A Monk le contrarió no haberlo pensado. Volvió a meter la cabeza dentro y se dirigió al médico.
– ¿Alguna cosa más?
– Nada más, señor Monk. -Parecía impresionado e incómodo-. Le haré un informe escrito, si quiere, pero ahora tengo pacientes vivos que me necesitan. Tengo que irme. Buenos días.
– Buenos días. -Monk lo acompañó hasta la puerta que daba al rellano-. Evan, vaya a ver a la camarera que la ha encontrado y envíeme a la doncella de la señora para que examine la habitación y vea si falta alguna cosa, especialmente joyas.
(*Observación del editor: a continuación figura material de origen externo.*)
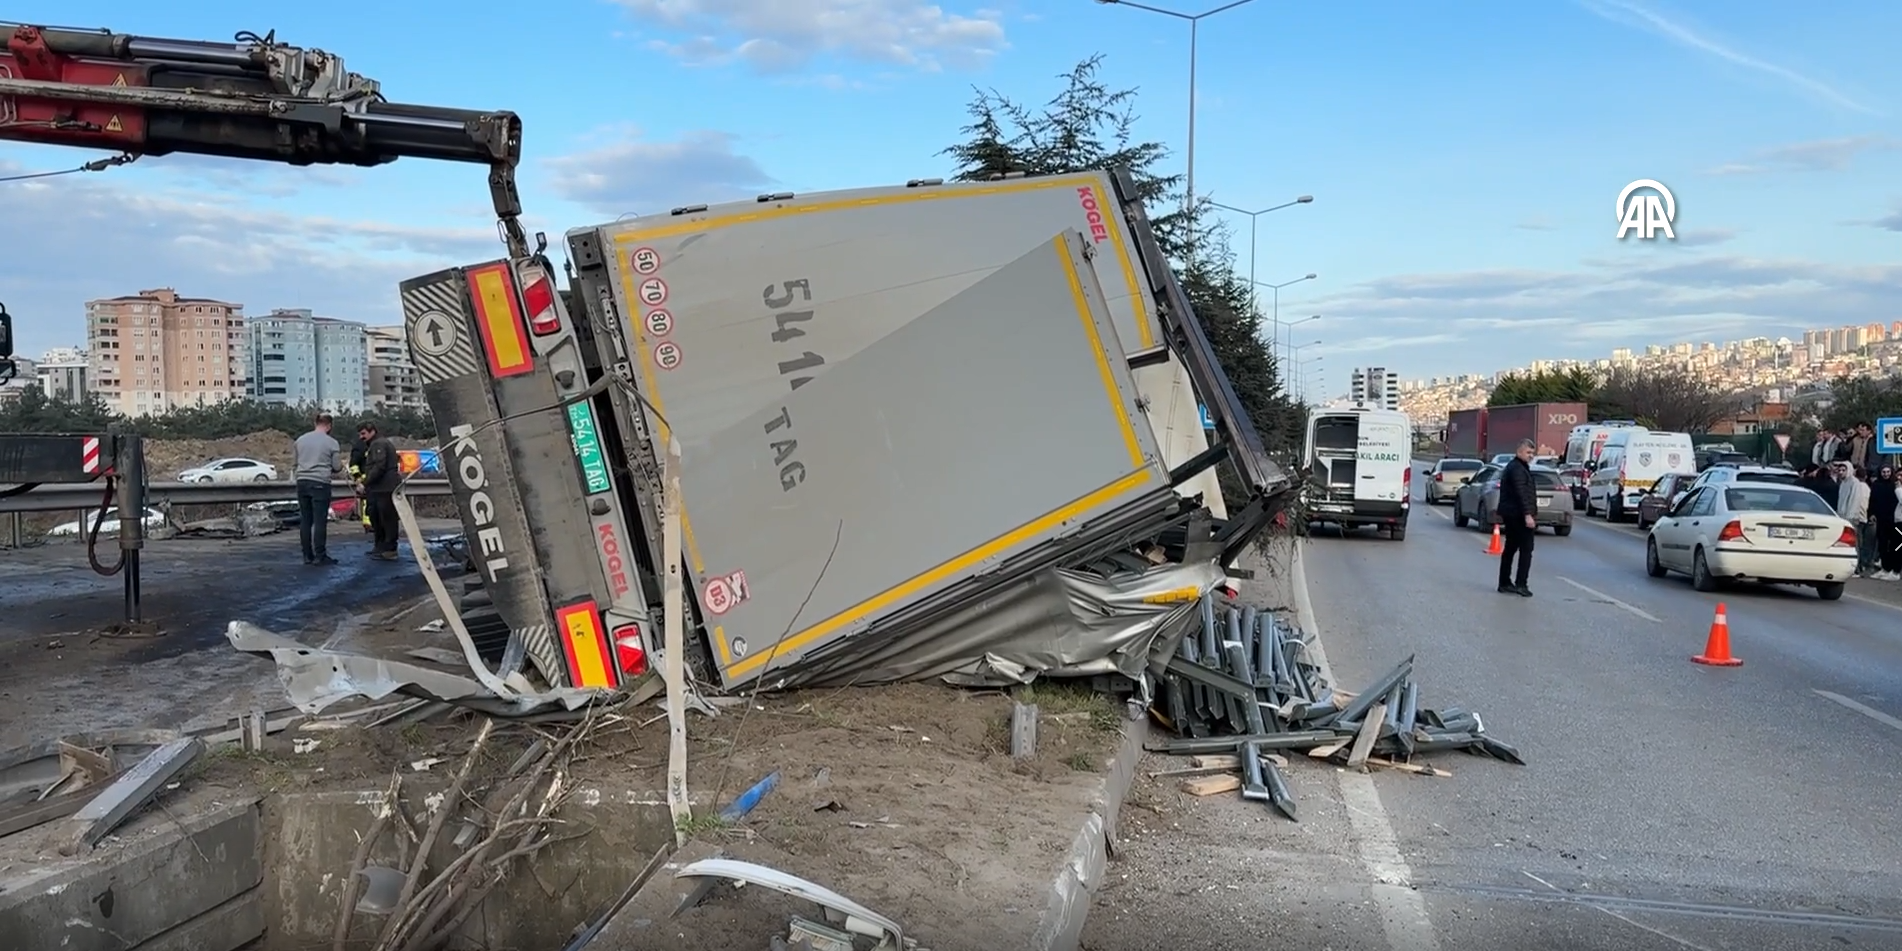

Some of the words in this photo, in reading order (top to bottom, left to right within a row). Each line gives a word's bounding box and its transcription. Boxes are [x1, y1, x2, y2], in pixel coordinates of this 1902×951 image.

Después probaremos con los prestamistas y los peristas. Yo voy a hablar con alguna persona de la familia que duerma en este piso. La habitación de al lado resultó ser la de Cyprian Moidore, hermano mayor de la víctima. Monk habló con él en la sala de día. Era una habitación muy recargada de muebles, pero muy confortable en cuanto a temperatura; seguramente las sirvientas de la planta baja habían limpiado las cenizas de las chimeneas, barrido y sacudido las alfombras y encendido las chimeneas antes de las ocho menos cuarto, mientras las criadas del piso superior procedían a despertar a la familia.
Cyprian Moidore se parecía a su padre en cuanto a constitución y gesto: la misma nariz corta y fuerte, la misma boca ancha con una movilidad extraordinaria que en un hombre más débil se convertiría en relajamiento; pero sus ojos eran más dulces y su cabello todavía se conservaba oscuro.
Estaba profundamente afectado.
– Buenos días, señor -dijo Monk entrando en la habitación y cerrando la puerta.
Cyprian no respondió.
– ¿Puedo hacerle una pregunta? ¿Ocupa usted la habitación situada al lado de la habitación de la señora Haslett?
– Sí -dijo Cyprian mirándolo directamente a los ojos, una mirada sin agresividad ninguna, sólo afectada por el golpe.
– ¿A qué hora se acuesta, señor Moidore?
– Alrededor de las once o poco más tarde -dijo con gesto de disgusto-. No oí absolutamente nada, si es lo que va a preguntarme.
– ¿Pasó usted toda la noche en su cuarto? -Monk procuró formular la pregunta de manera que no resultase ofensiva, pero era imposible.
Cyprian sonrió levemente.
– Anoche sí. Mi esposa duerme en la habitación contigua a la mía, la primera que se encuentra al subir la escalera. -Se metió las manos en los bolsillos-. La habitación de mi hijo es la de enfrente y la de mis hijas la que sigue a continuación. De todos modos, creía que había quedado claro que quien entró en el cuarto de Octavia lo hizo por la ventana.
– Es lo más probable, señor -admitió Monk-, pero es posible que intentaran entrar en otras habitaciones, como también es posible que entraran por otro sitio y salieran por la ventana. Lo único que sabemos es que la enredadera está rota. ¿La señora Haslett era de sueño ligero?
– No… -respondió sin ningún titubeo, pero seguidamente la duda asomó a su rostro. Se sacó las manos de los bolsillos-. Bueno, eso creo. ¿Qué más da ahora? ¿No le parece que todo este interrogatorio es una pérdida de tiempo? -Se acercó un paso al fuego-. Está claro que alguien ha entrado en su cuarto, que ella lo ha descubierto y que, en lugar de huir corriendo, el miserable la ha apuñalado vilmente. -Su rostro se ensombreció-. ¡Valdría más que saliera a buscarlo por ahí en lugar de dedicarse a hacer preguntas impertinentes! Además, a lo mejor estaba despierta. Las personas a veces se despiertan durante la noche.